They say: “What about the cuddly polar bears?” This is the argumentum ad misericordiam, the fallacy of needless pity. There are five times as many polar bears as there were in the 1940s – hardly, as you may think, the profile of a species at imminent threat of extinction. No need to pity the bears, and they are not cuddly.
They say: “We tell the models there will be strong CO2- driven warming. And, yes, the models predict it.” This is the fallacy of arguing in circles, the argumentum ad petitionem principii, where the premise is the conclusion.
They say: “Global warming caused extra-tropical storm Sandy.” This inappropriate argument from the general to the particular is the argumentum a dicto simpliciter ad dictum secundum quid, the fallacy of accident. Individual extreme events cannot be ascribed to global warming.
They say: “Melting Arctic sea ice is a symptom of global warming.” This unsound argument from the particular to the general is the argumentum a dicto secundum quid ad dictum simpliciter, the fallacy of converse accident. Arctic sea ice is melting, but the Antarctic has cooled for 30 years and the sea ice there is growing, so the decline in Arctic sea ice does not indicate a global problem.
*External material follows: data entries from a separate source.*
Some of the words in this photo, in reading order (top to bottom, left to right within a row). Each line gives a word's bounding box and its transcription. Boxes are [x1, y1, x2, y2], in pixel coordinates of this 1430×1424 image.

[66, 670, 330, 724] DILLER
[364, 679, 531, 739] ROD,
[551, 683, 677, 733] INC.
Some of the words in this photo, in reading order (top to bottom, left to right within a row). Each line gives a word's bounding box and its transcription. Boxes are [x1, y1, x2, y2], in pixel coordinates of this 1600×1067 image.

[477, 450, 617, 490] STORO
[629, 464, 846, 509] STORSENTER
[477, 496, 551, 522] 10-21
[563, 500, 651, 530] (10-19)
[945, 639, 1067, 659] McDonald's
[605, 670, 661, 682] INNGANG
They say: “Monckton says he’s a member of the House of Lords, but the Clerk says he isn’t, so he’s not credible.” This is the argumentum ad hominem, a shoddy sub- species of ignoratio elenchi, the fundamental red-herring fallacy of ignorance of how a true argument is conducted.
They say: “We don’t care what the truth is. We want more power, tax and regulation. Global warming is our pretext. If you disagree, we will haul you before the International Climate Court.” This is the nastiest of all logical fallacies: the argumentum ad baculum, the argument of force.
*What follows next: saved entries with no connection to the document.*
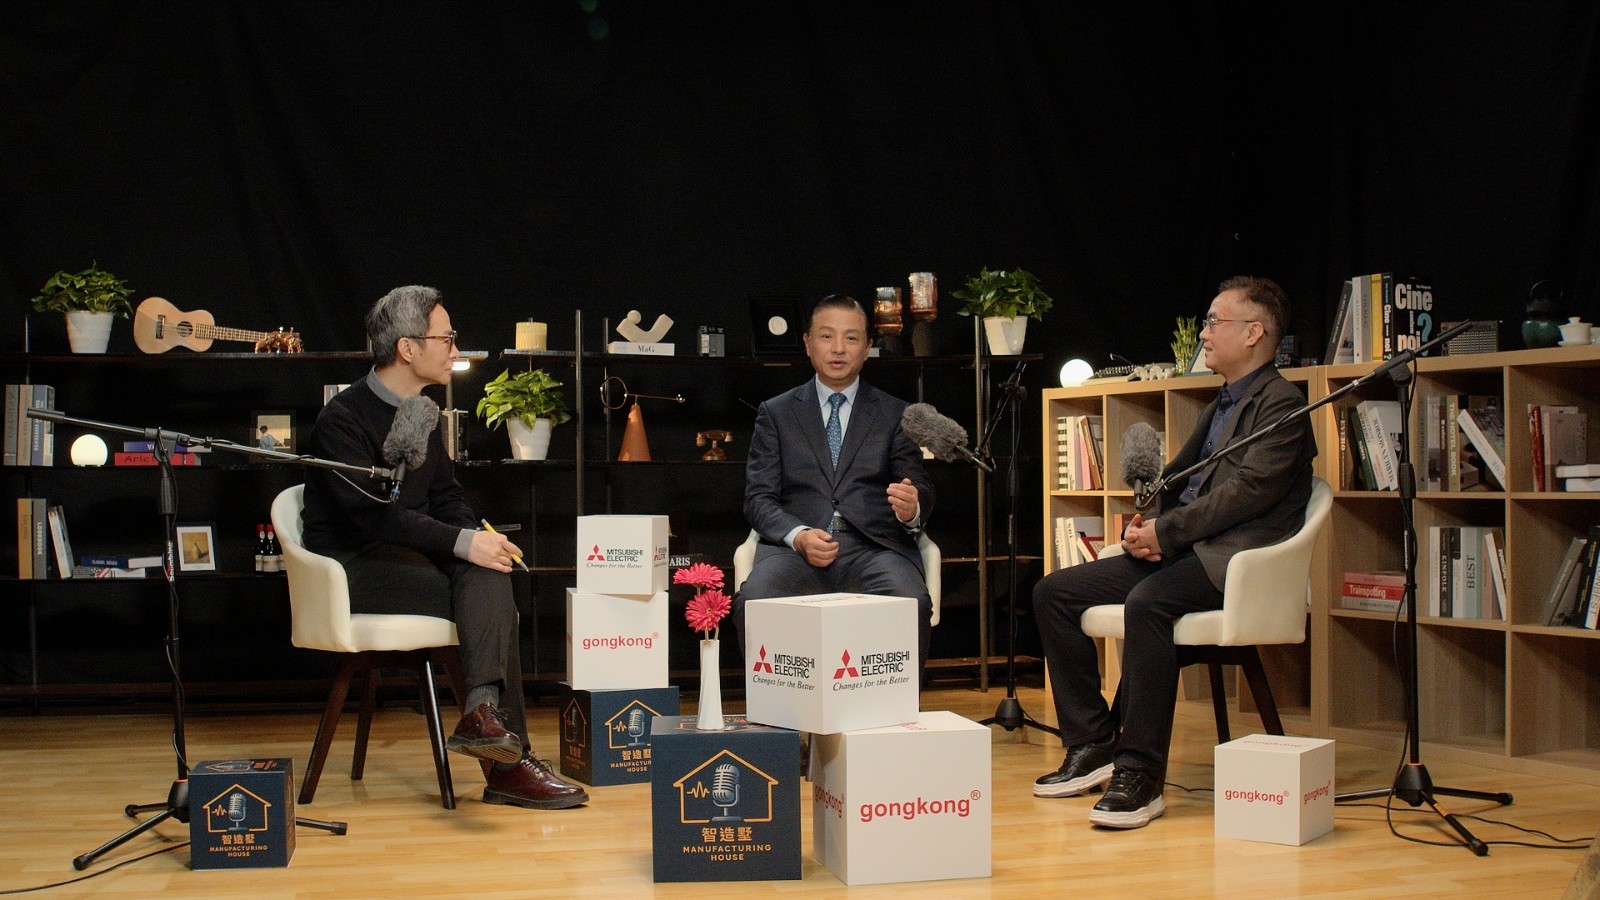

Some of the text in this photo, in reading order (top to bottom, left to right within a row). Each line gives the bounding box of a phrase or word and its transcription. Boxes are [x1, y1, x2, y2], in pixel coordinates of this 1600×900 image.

[1395, 283, 1433, 312] Cine
[1384, 304, 1392, 324] Cine
[1397, 330, 1421, 352] noi
[606, 548, 644, 556] MITSUBISHI
[669, 557, 690, 567] ARIS
[1466, 555, 1475, 589] BEST
[1349, 584, 1386, 600] Trainspotting
[774, 653, 815, 669] MITSUBISHI
[861, 650, 910, 666] MITSUBISHI
[774, 664, 810, 679] ELECTRIC
[861, 662, 904, 677] ELECTRIC
[752, 674, 815, 691] Changes for the Better
[832, 681, 863, 692] Changes
[864, 680, 876, 688] for
[889, 676, 910, 685] Better
[610, 760, 652, 768] MANUFACTUR
[702, 826, 753, 843] 智造墅
[682, 844, 772, 853] MANUFACTURING
[710, 853, 745, 861] HOUSE
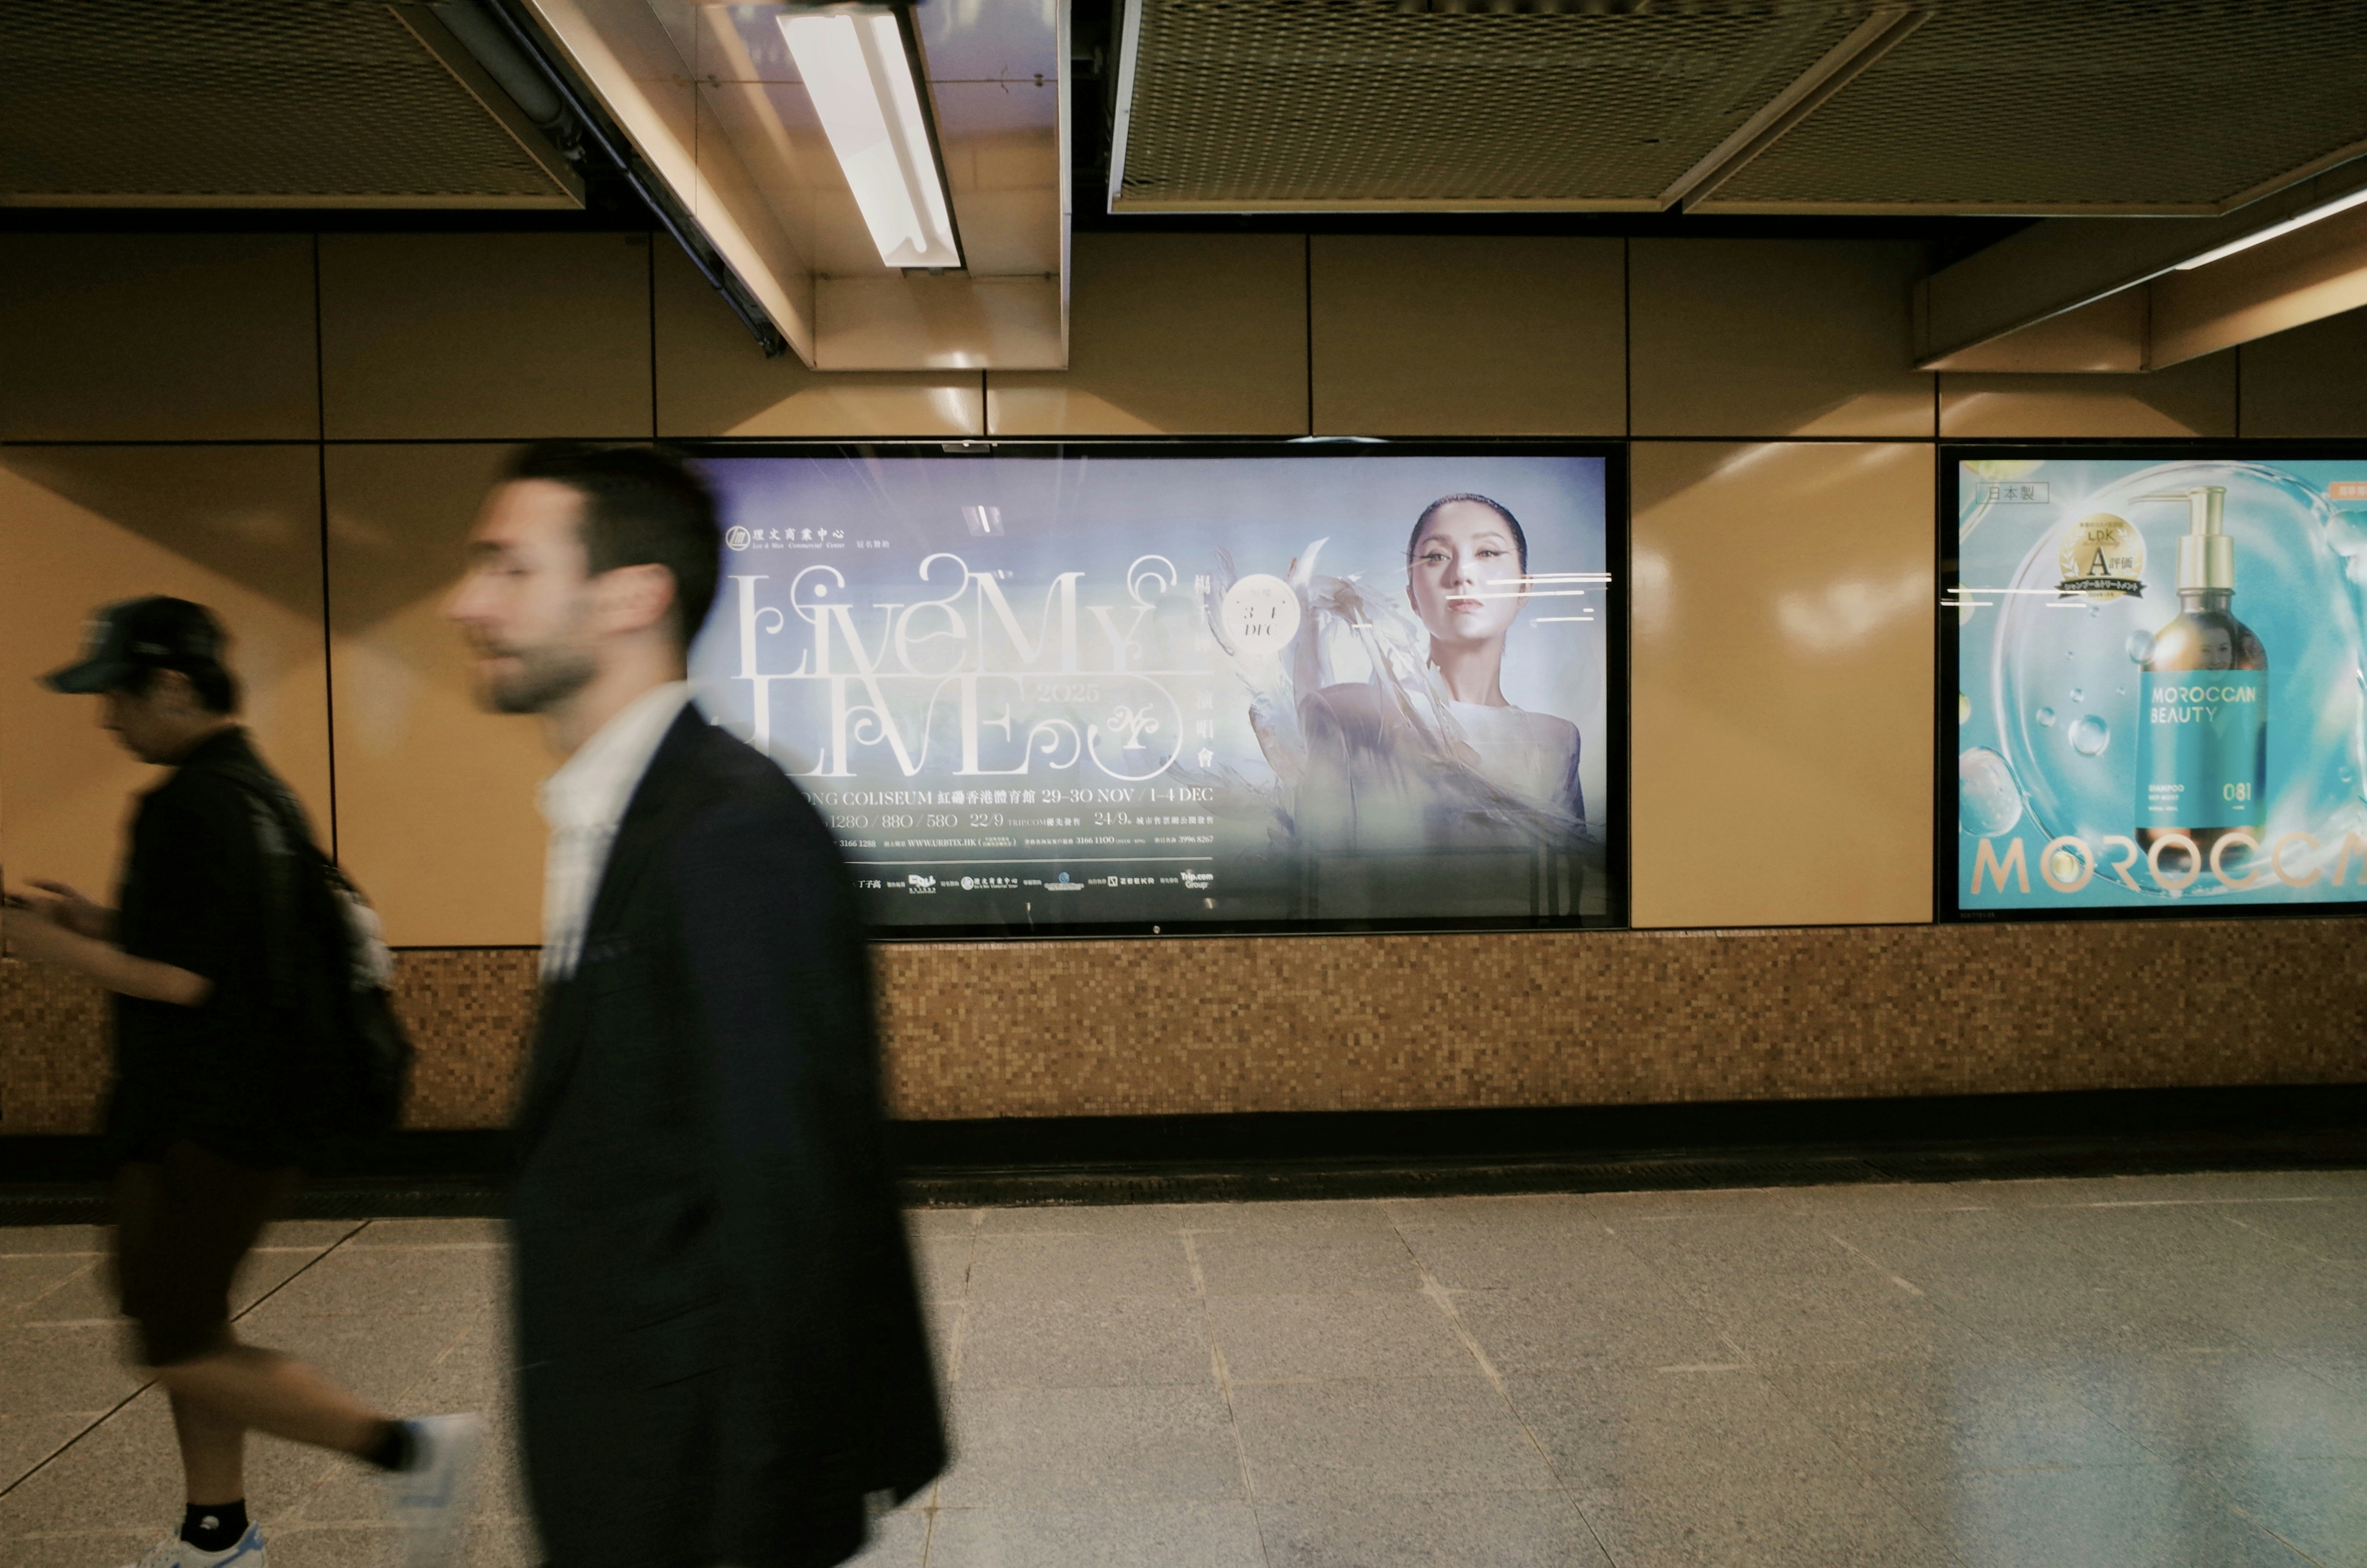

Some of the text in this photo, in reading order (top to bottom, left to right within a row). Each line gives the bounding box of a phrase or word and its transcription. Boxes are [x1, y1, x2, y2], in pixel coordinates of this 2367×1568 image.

[1989, 485, 2034, 501] 日本製
[752, 527, 844, 541] 理文商業中心
[2088, 528, 2116, 541] LDK
[1037, 683, 1100, 702] 2025
[2152, 686, 2256, 703] MOROCCAN
[2151, 706, 2217, 723] BEAUTY
[842, 791, 932, 806] COLISEUM
[1097, 788, 1134, 803] NOV
[1180, 787, 1213, 802] DEC
[2223, 782, 2252, 802] 081
[830, 815, 868, 829] 1280
[882, 814, 913, 828] 880
[927, 814, 957, 828] 580
[970, 813, 1004, 828] 22/9
[840, 839, 858, 847] 3166
[859, 839, 876, 847] 1288
[1095, 836, 1115, 844] 1100
[1180, 872, 1213, 881] Trip.com
[1185, 880, 1209, 890] Group
These numerous in-your-face illogicalities provoke four questions: Has the Earth warmed as predicted? If not, why not? What if I am wrong? And what if I am right?
Q1. Has the Earth warmed as predicted? In 1990 the IPCC predicted that the world would now be warming at 0.3 Cº/decade, and that by now more than 0.6 Cº warming would have occurred. The outturn was less than half that: just 0.14 Cº/decade and 0.3 Cº in all.
In 2008 leading modellers wrote:
“The simulations rule out (at the 95% level) zero trends for intervals of 15 years or more, suggesting that an absence of warming of this duration is needed to create a discrepancy with the observed warming rate.”
Yet the linear trend on the Hadley/CRU monthly global temperature anomalies for the 18 years 1995-2012 shows no statistically-significant warming, even though the partial pressure of CO2 rose by about a tenth in that time.
The modellers’ own explicit criterion proves their scary predictions exaggerated. Their vaunted “consensus” was wrong. Global warming that was predicted for tomorrow but has not occurred for 18 years until today cannot have caused Sandy or Bopha yesterday, now, can it?
Q2: Why was the “consensus” wrong? Why do the models exaggerate? The climate-sensitivity equation says warming is the product of a forcing and a sensitivity parameter. Three problems: the modellers’ definition of forcing is illogical; their assumptions about the sensitivity parameter are not falsifiable; and their claims that their long-term predictions of doom are reliable are not only empirically disproven but theoretically insupportable.
Modellers define forcing as the net down-minus-up flux of radiation at the tropopause, with surface temperature fixed. Yet forcings change surface temperature. So the definition offends against the fundamental postulate of logic that a proposition and its converse cannot coexist. No surprise, then, that since 1995 the IPCC has had to cut its estimate of the CO2 forcing by 15%. The “consensus” disagrees with itself. Note in passing that the CO2 forcing function is logarithmic: each further molecule causes less warming than those before it. Diminishing returns apply.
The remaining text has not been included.